As for the convergence of Algorithm 1, we have the following theorem.

Theorem 6

Suppose that \(\{m_i\}\) is a monotonically increasing sequence, the step size sequence \(\{\epsilon _i\}_{i\ge 0}\) satisfies \(\sum _{i=1}^\infty \epsilon _i=\infty \) and \(\sum _{i=1}^\infty \epsilon _i^2<\infty \). Then Algorithm 1 with \(D_i=\frac{1}{m_i}\sum _{j=1}^{m_i}d(x,\xi _{j})\) converges w.p.1 to a unique stationary point of the following ordinary differential equation

$$\begin{aligned} \dot{x}=-{\mathbb {E}}_{{\mathbb {P}}_{{\hat{\theta }}}}[d(x,\xi )]. \end{aligned}$$

Proof

Based on the Theorem 2.1 of [20], we can obtain the desired conclusion directly. Thus our theorem holds. \(\square \)

4.2 Algorithm for multi-stage BEO based on scenario tree generation

In Sect. 3, we established theoretical guarantees that the multi-stage BEO problem (4) provides a pretty good approximation to the original MSP problem (3) so long as the value of data-size is sufficiently large. In this subsection, we consider the scenario tree approximation technique to solve the problem (4) numerically.

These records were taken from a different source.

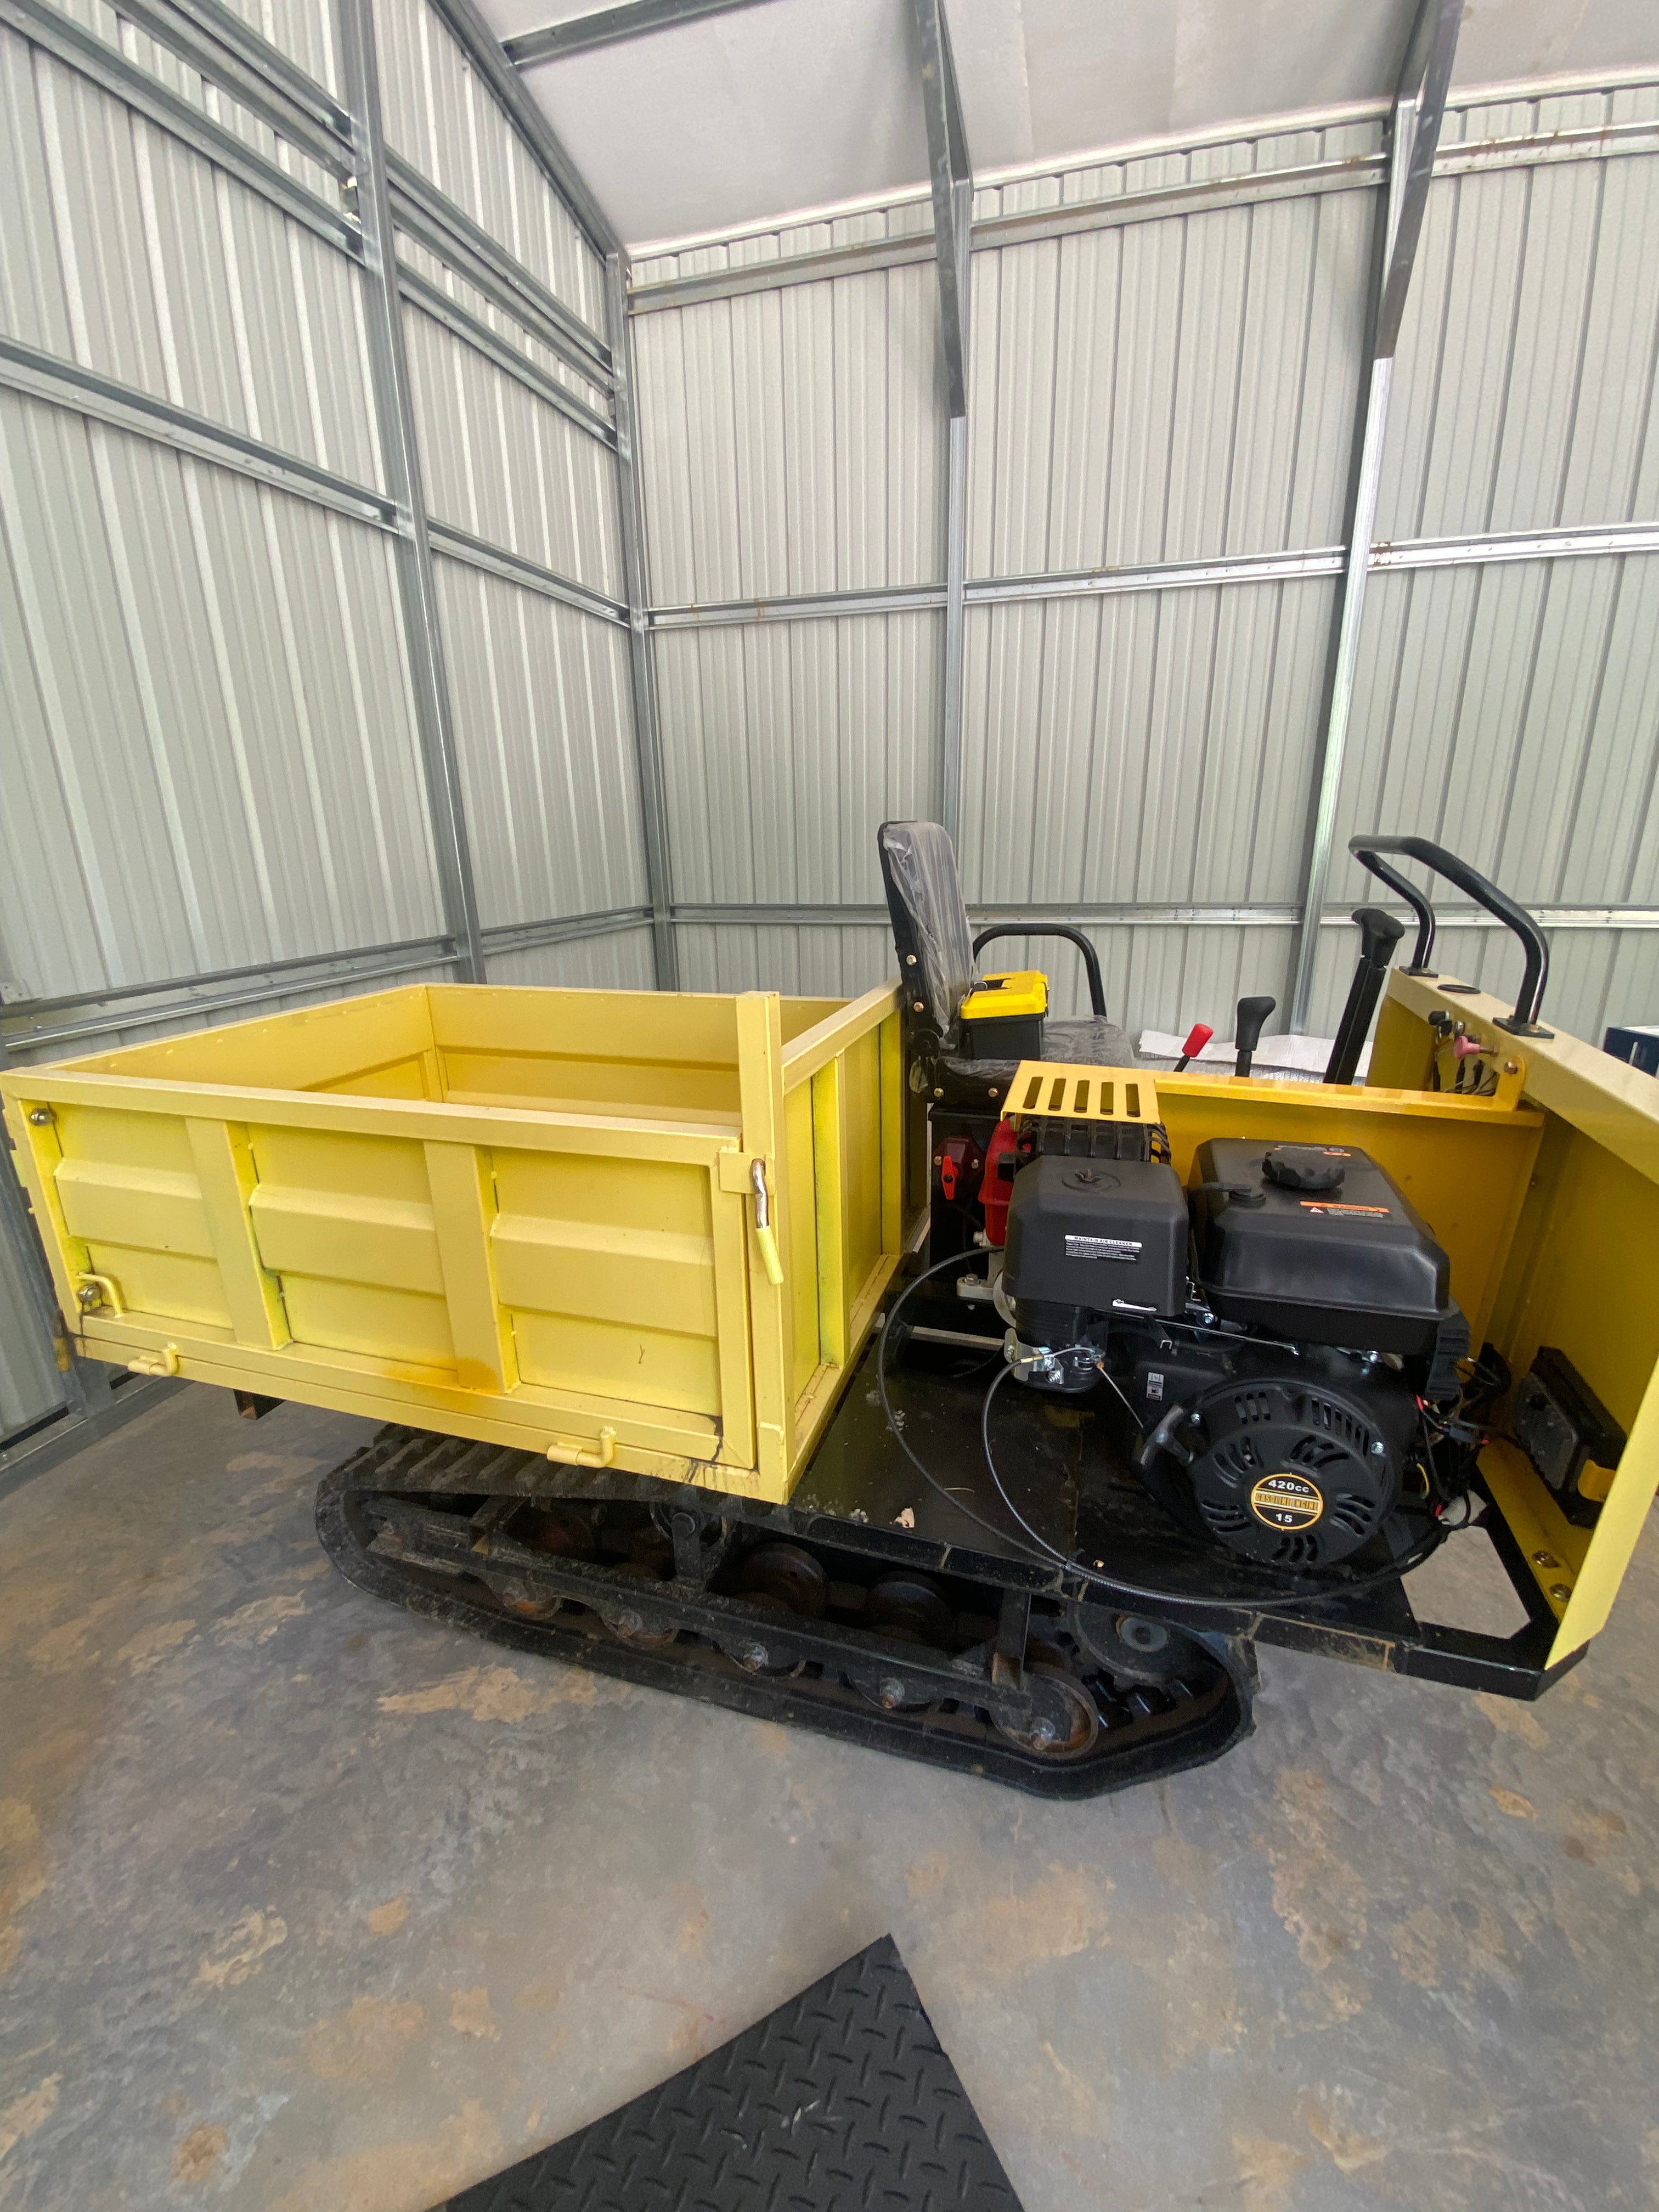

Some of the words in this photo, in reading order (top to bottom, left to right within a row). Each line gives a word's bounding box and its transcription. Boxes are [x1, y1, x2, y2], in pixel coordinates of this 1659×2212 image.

[1268, 1480, 1310, 1493] 420cc
[1255, 1492, 1291, 1506] GASOLINE
[1290, 1498, 1318, 1511] ENGINE
[1276, 1513, 1293, 1523] 15
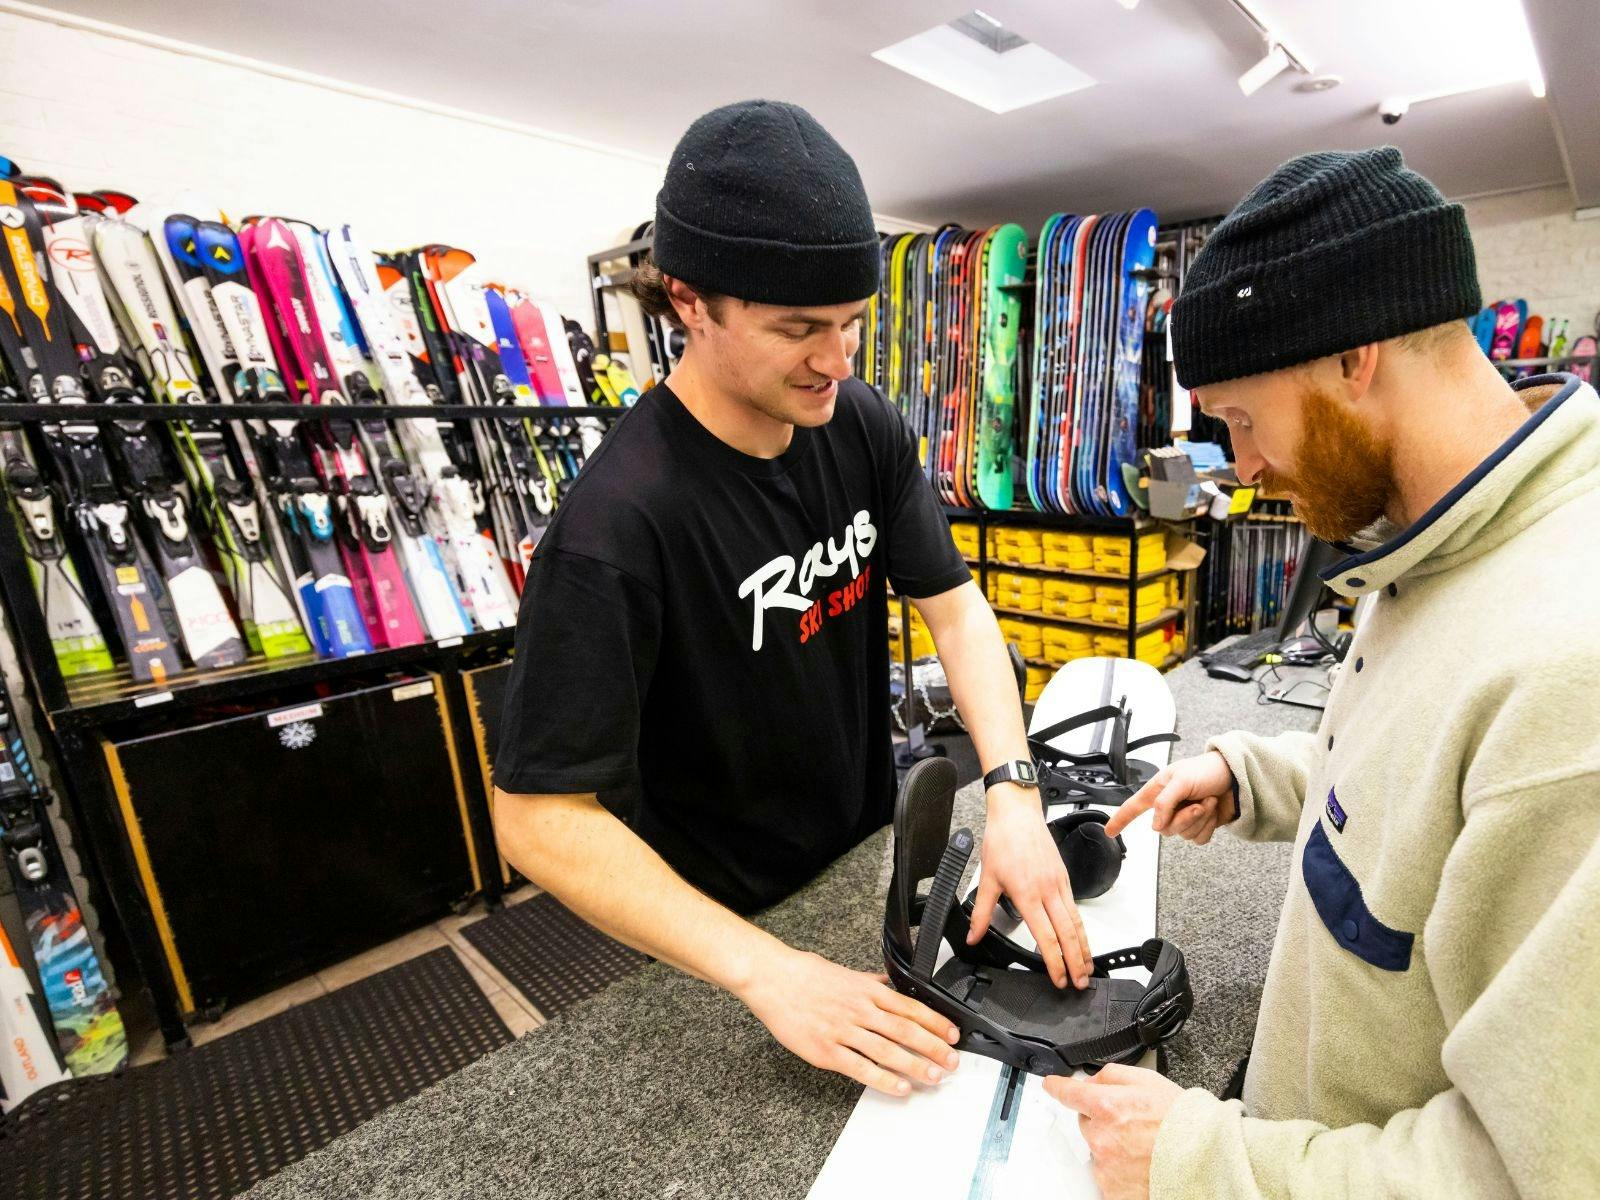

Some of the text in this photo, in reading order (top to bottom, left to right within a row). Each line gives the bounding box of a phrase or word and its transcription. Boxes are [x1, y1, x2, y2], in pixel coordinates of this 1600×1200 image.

[738, 509, 878, 652] Rays
[799, 599, 823, 644] SKI
[15, 1038, 37, 1080] OUTLAND
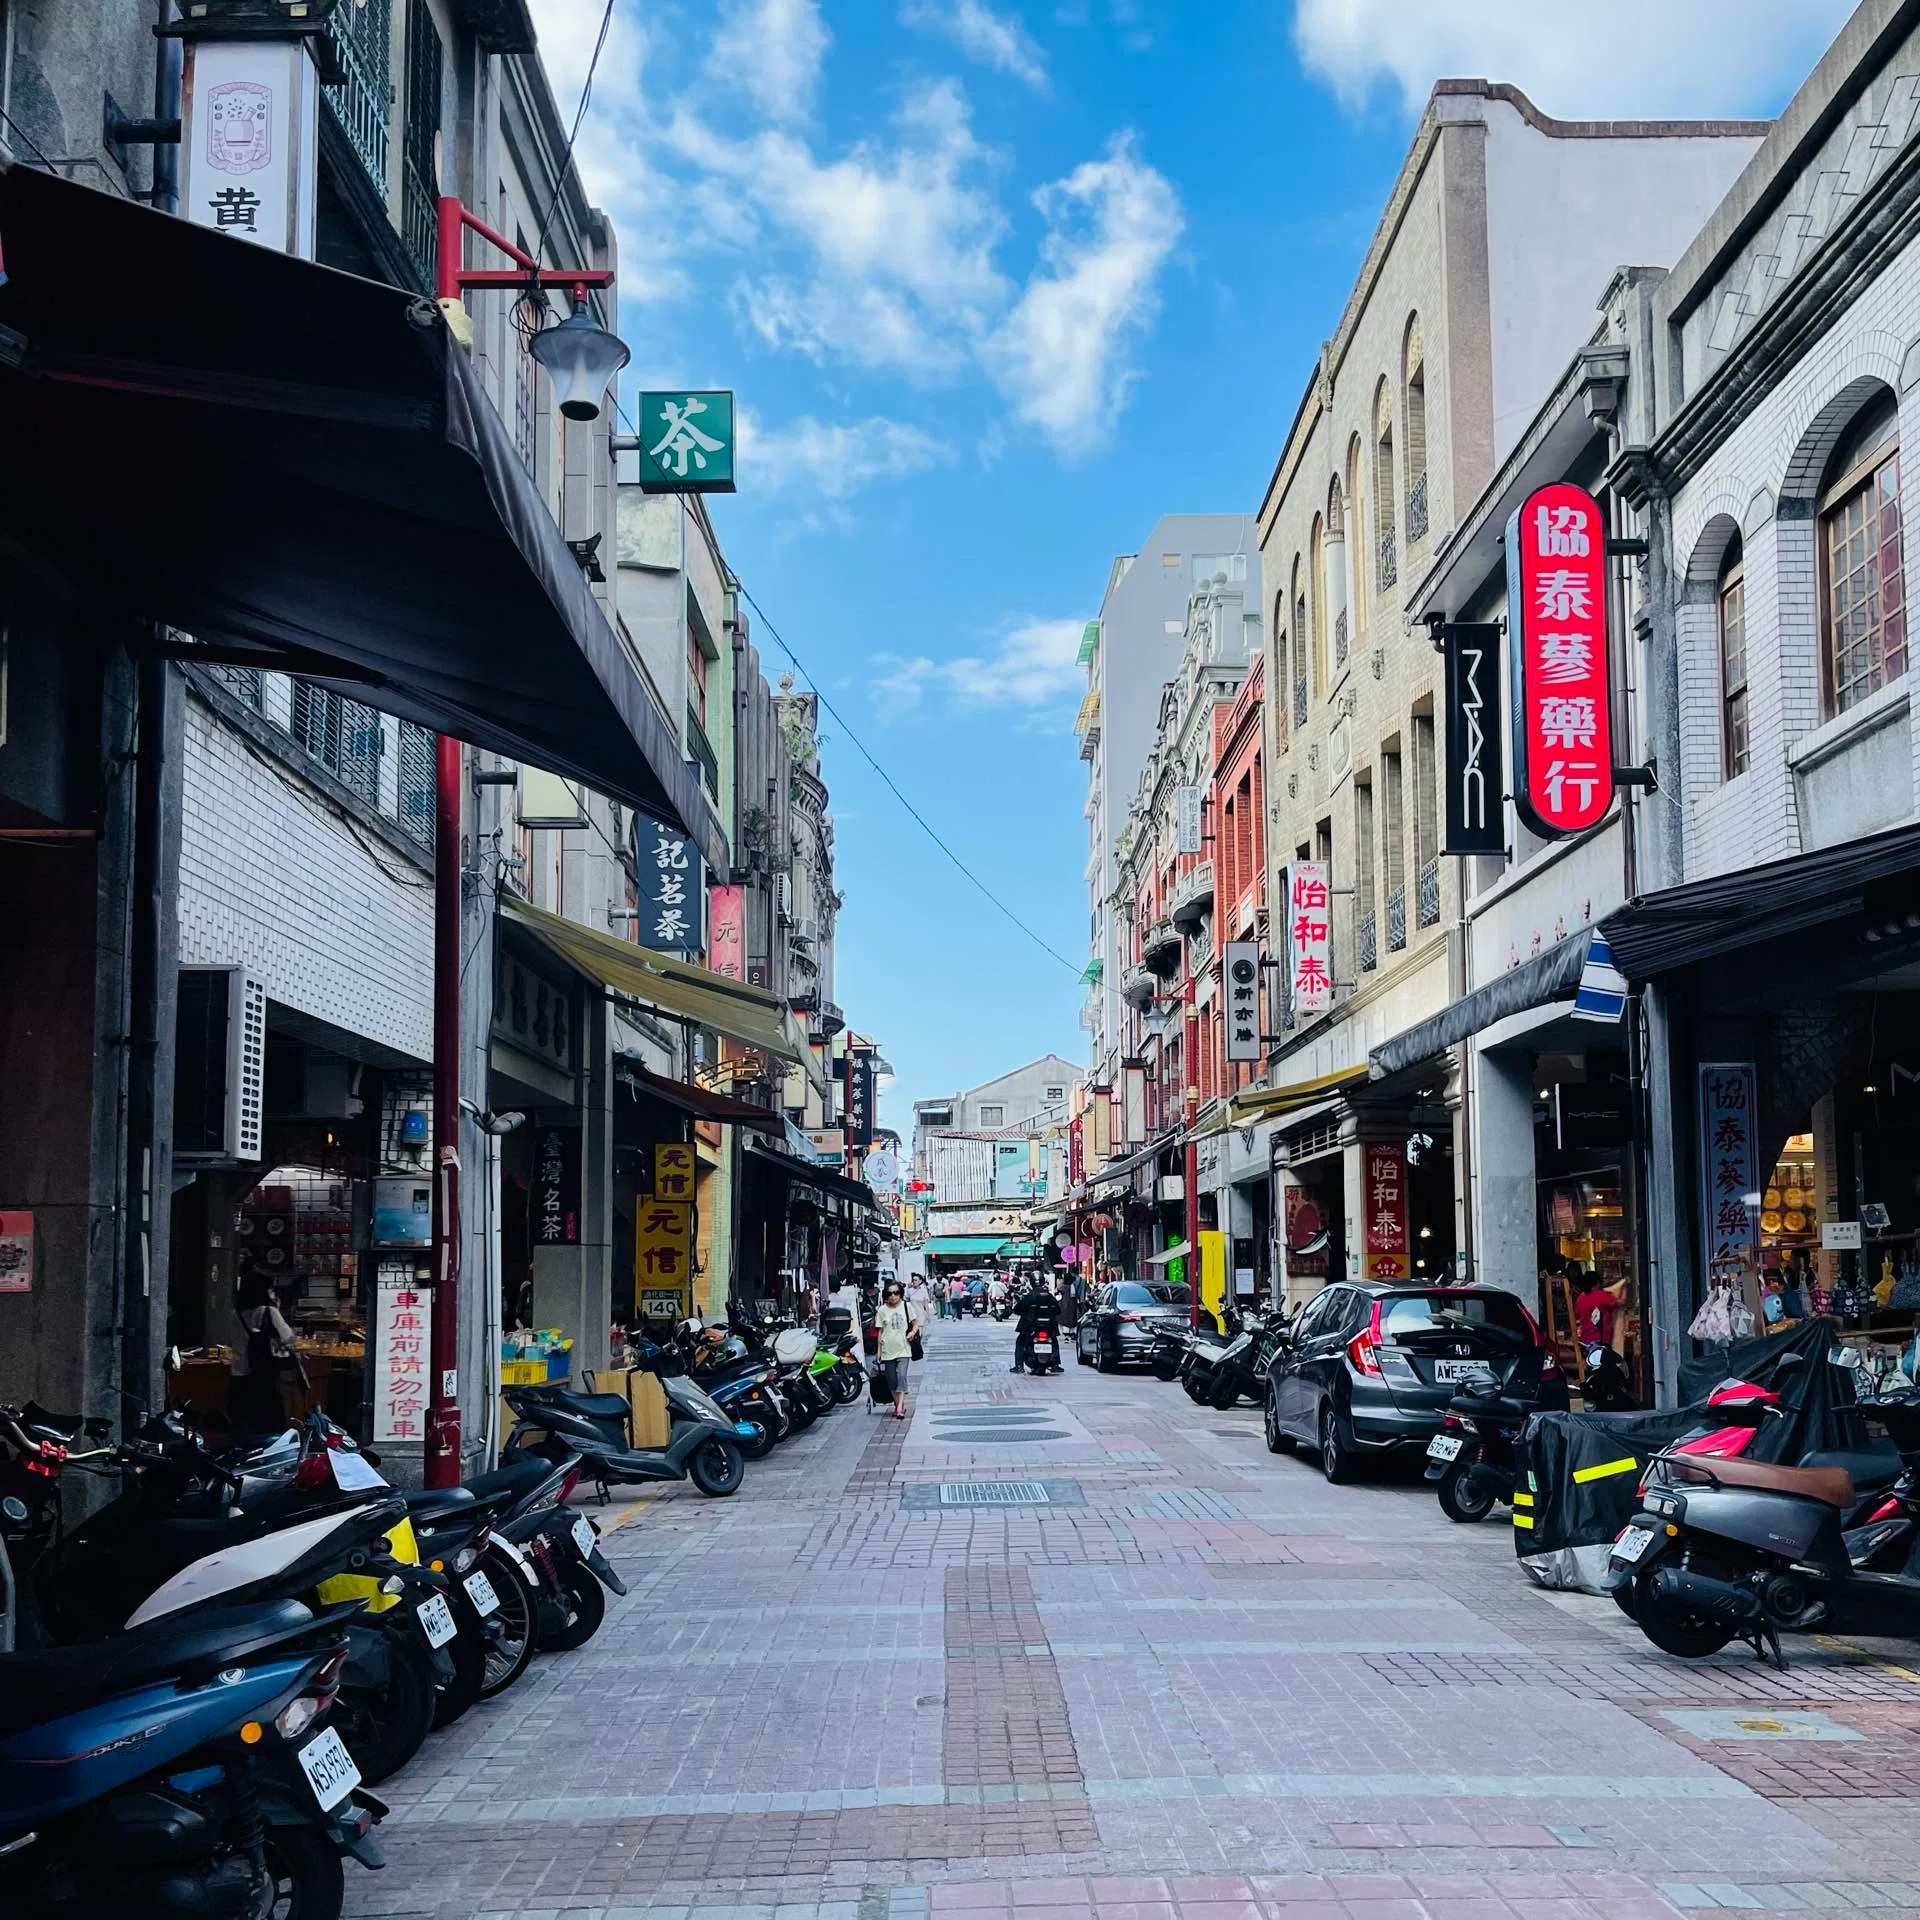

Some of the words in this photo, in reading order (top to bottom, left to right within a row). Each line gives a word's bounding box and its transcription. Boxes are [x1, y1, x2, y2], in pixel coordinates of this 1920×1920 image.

[650, 398, 725, 476] 茶
[1534, 506, 1599, 813] 協泰蔘藥行
[1294, 876, 1330, 995] 怡和泰
[541, 1132, 564, 1240] 臺灣名茶
[660, 1149, 690, 1194] 元信
[1372, 1158, 1402, 1236] 怡和泰
[643, 1208, 684, 1274] 元信
[648, 1302, 676, 1314] 140
[389, 1291, 425, 1439] 車庫前請勿停車

The discrete approximation to problem (4) can be developed in two steps. Firstly, based on Theorem 4, we can obtain a posterior estimation of the parameter \(\theta _t\), and then the density and conditional density of \({\mathbb {P}}_{{\hat{\theta }}_{t}}\). Secondly, with the estimated density models, the scenario tree as a discrete approximation to the data process \(\{\xi ^t\}\) can be generated through sampling the conditional distributions.

In line with our description about the dynamic inter-stage dependence, we will recursively generate a scenario tree stage by stage: first, estimate the posterior distribution \({\mathbb {P}}_{1,n_1}\) and the parameter \(\hat{\theta }_{1,n_1}\) at the first stage \(t = 1\), and discretize the approximate distribution \({\mathbb {P}}_{\hat{\theta }_{1,n_1}}\) by the discrete measure \(\sum _{i=1}^{n_1}p_i\delta _{\xi _{1,i}}\) of \(n_1\) samples. This can be achieved based on some existing algorithms in the literature, for instance, via the stochastic approximation algorithm in [29]. Recursively, assuming that the sub-tree of the previous t stages has been generated, then for each historical path \((\xi _{1},\ldots ,\xi _{t})\) or each node at stage t, estimate the conditional distribution at stage \(t+1\) by sampling from the conditional distribution \({\mathbb {P}}_{{\hat{\theta }}_{t,n_{t+1}}}\). This approximate distribution can be similarly calculated by a discrete probability measure with \(n_{t+1}\) samples. As is common in the scenario tree generation literature, we consider a symmetric scenario tree with the branching structure \([s_1,\ldots ,s_T]\). The resulting scenario tree generation algorithm is presented as Algorithm 2. More importantly, to ensure the accuracy and practicality of Algorithm 2, at each non-leaf node, we utilize the Wasserstein measure to find the best empirical distribution and the clustering technique to determine the best branches.

Algorithm 2
figure b

Scenario tree generation for problem (4).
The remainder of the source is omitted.